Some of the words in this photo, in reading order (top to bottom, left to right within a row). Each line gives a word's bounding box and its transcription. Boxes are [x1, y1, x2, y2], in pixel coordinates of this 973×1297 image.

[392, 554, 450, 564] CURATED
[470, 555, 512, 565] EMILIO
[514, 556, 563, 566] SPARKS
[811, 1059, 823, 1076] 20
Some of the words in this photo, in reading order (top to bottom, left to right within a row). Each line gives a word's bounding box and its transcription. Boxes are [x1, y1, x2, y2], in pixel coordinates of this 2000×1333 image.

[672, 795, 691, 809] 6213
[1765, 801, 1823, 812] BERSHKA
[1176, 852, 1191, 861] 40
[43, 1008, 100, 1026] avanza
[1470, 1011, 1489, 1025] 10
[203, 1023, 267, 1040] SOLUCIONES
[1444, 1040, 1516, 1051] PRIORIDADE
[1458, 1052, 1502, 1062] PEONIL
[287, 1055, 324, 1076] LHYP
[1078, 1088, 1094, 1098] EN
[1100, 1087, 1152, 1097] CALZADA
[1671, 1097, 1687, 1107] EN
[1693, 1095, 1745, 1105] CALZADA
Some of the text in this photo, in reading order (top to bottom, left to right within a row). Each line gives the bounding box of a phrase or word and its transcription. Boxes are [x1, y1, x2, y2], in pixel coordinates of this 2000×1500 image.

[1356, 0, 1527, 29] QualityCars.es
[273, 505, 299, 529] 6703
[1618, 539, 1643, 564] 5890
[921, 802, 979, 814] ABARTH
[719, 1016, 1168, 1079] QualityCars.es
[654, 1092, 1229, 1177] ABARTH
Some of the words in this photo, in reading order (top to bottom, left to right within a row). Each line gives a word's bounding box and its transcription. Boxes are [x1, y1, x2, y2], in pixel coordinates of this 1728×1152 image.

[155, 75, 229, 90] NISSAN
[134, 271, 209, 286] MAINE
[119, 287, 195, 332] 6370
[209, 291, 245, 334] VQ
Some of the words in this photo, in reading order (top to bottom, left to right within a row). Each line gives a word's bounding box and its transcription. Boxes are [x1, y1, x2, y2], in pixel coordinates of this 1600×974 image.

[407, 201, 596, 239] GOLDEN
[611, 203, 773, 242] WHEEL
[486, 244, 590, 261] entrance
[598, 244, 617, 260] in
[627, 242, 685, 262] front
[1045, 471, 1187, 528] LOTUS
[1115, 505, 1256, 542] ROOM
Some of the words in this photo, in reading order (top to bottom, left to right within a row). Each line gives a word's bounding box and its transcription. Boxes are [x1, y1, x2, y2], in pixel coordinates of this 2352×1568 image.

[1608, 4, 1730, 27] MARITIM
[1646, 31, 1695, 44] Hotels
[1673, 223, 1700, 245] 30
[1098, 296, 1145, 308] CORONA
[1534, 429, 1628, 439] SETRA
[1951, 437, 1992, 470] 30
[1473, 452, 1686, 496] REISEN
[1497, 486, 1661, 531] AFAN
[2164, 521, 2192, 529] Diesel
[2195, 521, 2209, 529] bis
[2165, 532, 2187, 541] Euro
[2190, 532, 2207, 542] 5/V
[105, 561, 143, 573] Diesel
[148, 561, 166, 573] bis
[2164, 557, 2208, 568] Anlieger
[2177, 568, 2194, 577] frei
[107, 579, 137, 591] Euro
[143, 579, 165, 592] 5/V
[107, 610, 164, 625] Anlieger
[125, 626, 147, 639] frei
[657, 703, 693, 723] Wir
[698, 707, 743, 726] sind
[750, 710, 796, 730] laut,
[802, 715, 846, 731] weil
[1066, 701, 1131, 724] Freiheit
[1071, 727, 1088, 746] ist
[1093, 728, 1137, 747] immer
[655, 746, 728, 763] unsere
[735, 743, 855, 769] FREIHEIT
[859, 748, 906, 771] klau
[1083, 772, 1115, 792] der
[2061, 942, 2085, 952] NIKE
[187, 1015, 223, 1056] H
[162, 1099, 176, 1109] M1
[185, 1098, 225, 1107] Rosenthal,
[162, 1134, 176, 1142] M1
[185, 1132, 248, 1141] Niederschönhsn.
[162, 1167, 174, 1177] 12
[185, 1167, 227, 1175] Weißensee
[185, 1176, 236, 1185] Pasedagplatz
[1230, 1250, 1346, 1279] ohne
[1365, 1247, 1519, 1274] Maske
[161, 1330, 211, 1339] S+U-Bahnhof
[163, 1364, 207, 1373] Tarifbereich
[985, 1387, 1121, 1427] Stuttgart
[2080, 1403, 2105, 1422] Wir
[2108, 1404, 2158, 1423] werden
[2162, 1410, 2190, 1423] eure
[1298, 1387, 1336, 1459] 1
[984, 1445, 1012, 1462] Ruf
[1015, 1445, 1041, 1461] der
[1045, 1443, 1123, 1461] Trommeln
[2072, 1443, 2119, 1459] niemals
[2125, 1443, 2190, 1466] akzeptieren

**Try it:**
Please return the full listing exactly as it appears.

**Response area:**
Some of the words in this photo, in reading order (top to bottom, left to right within a row). Each line gives a word's bounding box and its transcription. Boxes are [x1, y1, x2, y2], in pixel coordinates of this 973×1297 image.

[392, 554, 450, 564] CURATED
[470, 555, 512, 565] EMILIO
[514, 556, 563, 566] SPARKS
[811, 1059, 823, 1076] 20
Some of the words in this photo, in reading order (top to bottom, left to right within a row). Each line gives a word's bounding box and its transcription. Boxes are [x1, y1, x2, y2], in pixel coordinates of this 2000×1333 image.

[672, 795, 691, 809] 6213
[1765, 801, 1823, 812] BERSHKA
[1176, 852, 1191, 861] 40
[43, 1008, 100, 1026] avanza
[1470, 1011, 1489, 1025] 10
[203, 1023, 267, 1040] SOLUCIONES
[1444, 1040, 1516, 1051] PRIORIDADE
[1458, 1052, 1502, 1062] PEONIL
[287, 1055, 324, 1076] LHYP
[1078, 1088, 1094, 1098] EN
[1100, 1087, 1152, 1097] CALZADA
[1671, 1097, 1687, 1107] EN
[1693, 1095, 1745, 1105] CALZADA
Some of the text in this photo, in reading order (top to bottom, left to right within a row). Each line gives the bounding box of a phrase or word and its transcription. Boxes are [x1, y1, x2, y2], in pixel coordinates of this 2000×1500 image.

[1356, 0, 1527, 29] QualityCars.es
[273, 505, 299, 529] 6703
[1618, 539, 1643, 564] 5890
[921, 802, 979, 814] ABARTH
[719, 1016, 1168, 1079] QualityCars.es
[654, 1092, 1229, 1177] ABARTH
Some of the words in this photo, in reading order (top to bottom, left to right within a row). Each line gives a word's bounding box and its transcription. Boxes are [x1, y1, x2, y2], in pixel coordinates of this 1728×1152 image.

[155, 75, 229, 90] NISSAN
[134, 271, 209, 286] MAINE
[119, 287, 195, 332] 6370
[209, 291, 245, 334] VQ
Some of the words in this photo, in reading order (top to bottom, left to right within a row). Each line gives a word's bounding box and its transcription. Boxes are [x1, y1, x2, y2], in pixel coordinates of this 1600×974 image.

[407, 201, 596, 239] GOLDEN
[611, 203, 773, 242] WHEEL
[486, 244, 590, 261] entrance
[598, 244, 617, 260] in
[627, 242, 685, 262] front
[1045, 471, 1187, 528] LOTUS
[1115, 505, 1256, 542] ROOM
Some of the words in this photo, in reading order (top to bottom, left to right within a row). Each line gives a word's bounding box and its transcription. Boxes are [x1, y1, x2, y2], in pixel coordinates of this 2352×1568 image.

[1608, 4, 1730, 27] MARITIM
[1646, 31, 1695, 44] Hotels
[1673, 223, 1700, 245] 30
[1098, 296, 1145, 308] CORONA
[1534, 429, 1628, 439] SETRA
[1951, 437, 1992, 470] 30
[1473, 452, 1686, 496] REISEN
[1497, 486, 1661, 531] AFAN
[2164, 521, 2192, 529] Diesel
[2195, 521, 2209, 529] bis
[2165, 532, 2187, 541] Euro
[2190, 532, 2207, 542] 5/V
[105, 561, 143, 573] Diesel
[148, 561, 166, 573] bis
[2164, 557, 2208, 568] Anlieger
[2177, 568, 2194, 577] frei
[107, 579, 137, 591] Euro
[143, 579, 165, 592] 5/V
[107, 610, 164, 625] Anlieger
[125, 626, 147, 639] frei
[657, 703, 693, 723] Wir
[698, 707, 743, 726] sind
[750, 710, 796, 730] laut,
[802, 715, 846, 731] weil
[1066, 701, 1131, 724] Freiheit
[1071, 727, 1088, 746] ist
[1093, 728, 1137, 747] immer
[655, 746, 728, 763] unsere
[735, 743, 855, 769] FREIHEIT
[859, 748, 906, 771] klau
[1083, 772, 1115, 792] der
[2061, 942, 2085, 952] NIKE
[187, 1015, 223, 1056] H
[162, 1099, 176, 1109] M1
[185, 1098, 225, 1107] Rosenthal,
[162, 1134, 176, 1142] M1
[185, 1132, 248, 1141] Niederschönhsn.
[162, 1167, 174, 1177] 12
[185, 1167, 227, 1175] Weißensee
[185, 1176, 236, 1185] Pasedagplatz
[1230, 1250, 1346, 1279] ohne
[1365, 1247, 1519, 1274] Maske
[161, 1330, 211, 1339] S+U-Bahnhof
[163, 1364, 207, 1373] Tarifbereich
[985, 1387, 1121, 1427] Stuttgart
[2080, 1403, 2105, 1422] Wir
[2108, 1404, 2158, 1423] werden
[2162, 1410, 2190, 1423] eure
[1298, 1387, 1336, 1459] 1
[984, 1445, 1012, 1462] Ruf
[1015, 1445, 1041, 1461] der
[1045, 1443, 1123, 1461] Trommeln
[2072, 1443, 2119, 1459] niemals
[2125, 1443, 2190, 1466] akzeptieren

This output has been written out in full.